• [DATA SHOWN]
== Segment start ==

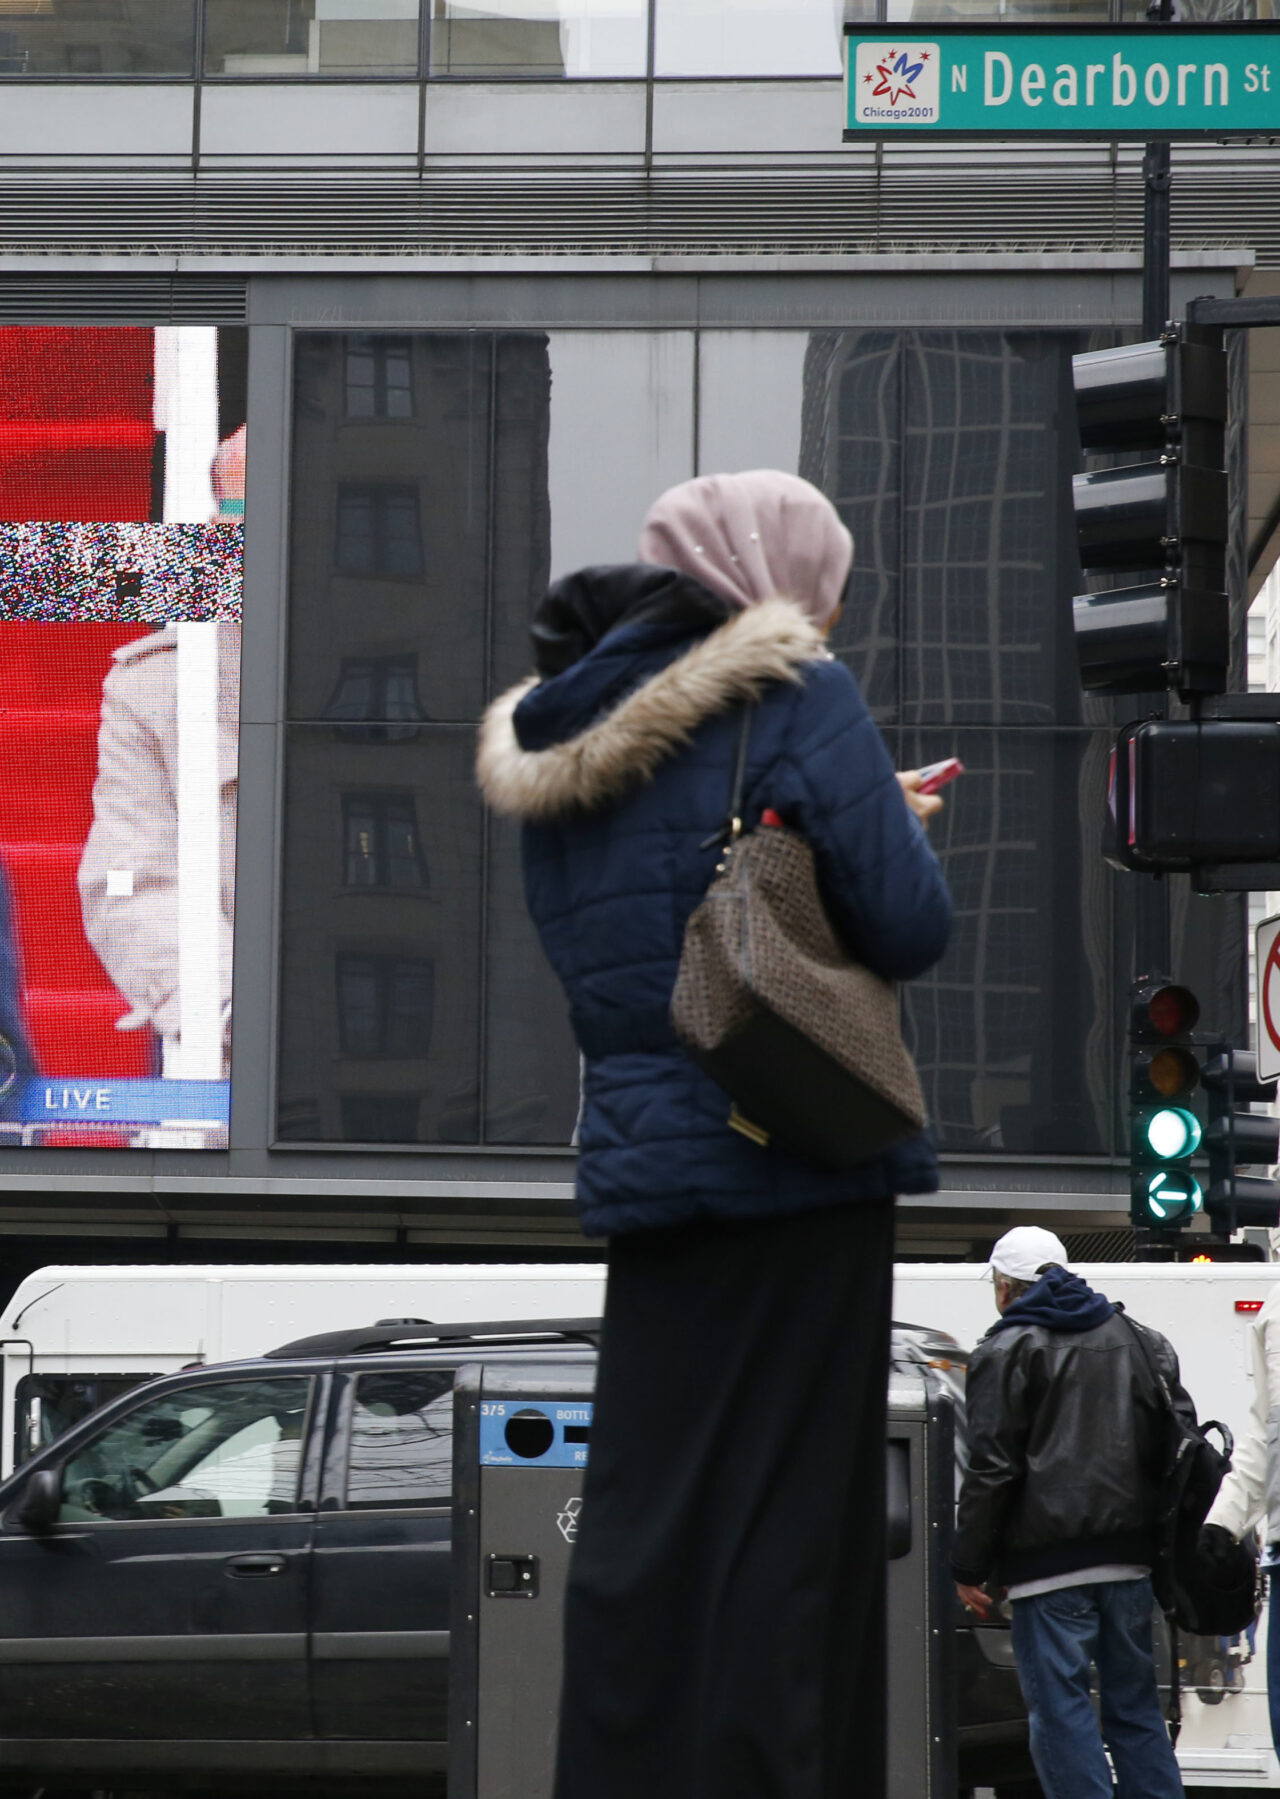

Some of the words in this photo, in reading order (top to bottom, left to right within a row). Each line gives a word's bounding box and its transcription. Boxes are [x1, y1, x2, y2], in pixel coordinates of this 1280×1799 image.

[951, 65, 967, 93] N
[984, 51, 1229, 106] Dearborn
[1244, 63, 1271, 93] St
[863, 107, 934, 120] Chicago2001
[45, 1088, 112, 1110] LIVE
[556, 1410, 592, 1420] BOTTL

== Segment end ==

• [TASK GOAL]
Only the text of the listing above is copied, exactly as written; its pictures are dropped.

• [COMPLETED TASK]
Some of the words in this photo, in reading order (top to bottom, left to right within a row). Each line gives a word's bounding box and its transcription. Boxes are [x1, y1, x2, y2], in pixel coordinates of this 1280×1799 image.

[951, 65, 967, 93] N
[984, 51, 1229, 106] Dearborn
[1244, 63, 1271, 93] St
[863, 107, 934, 120] Chicago2001
[45, 1088, 112, 1110] LIVE
[556, 1410, 592, 1420] BOTTL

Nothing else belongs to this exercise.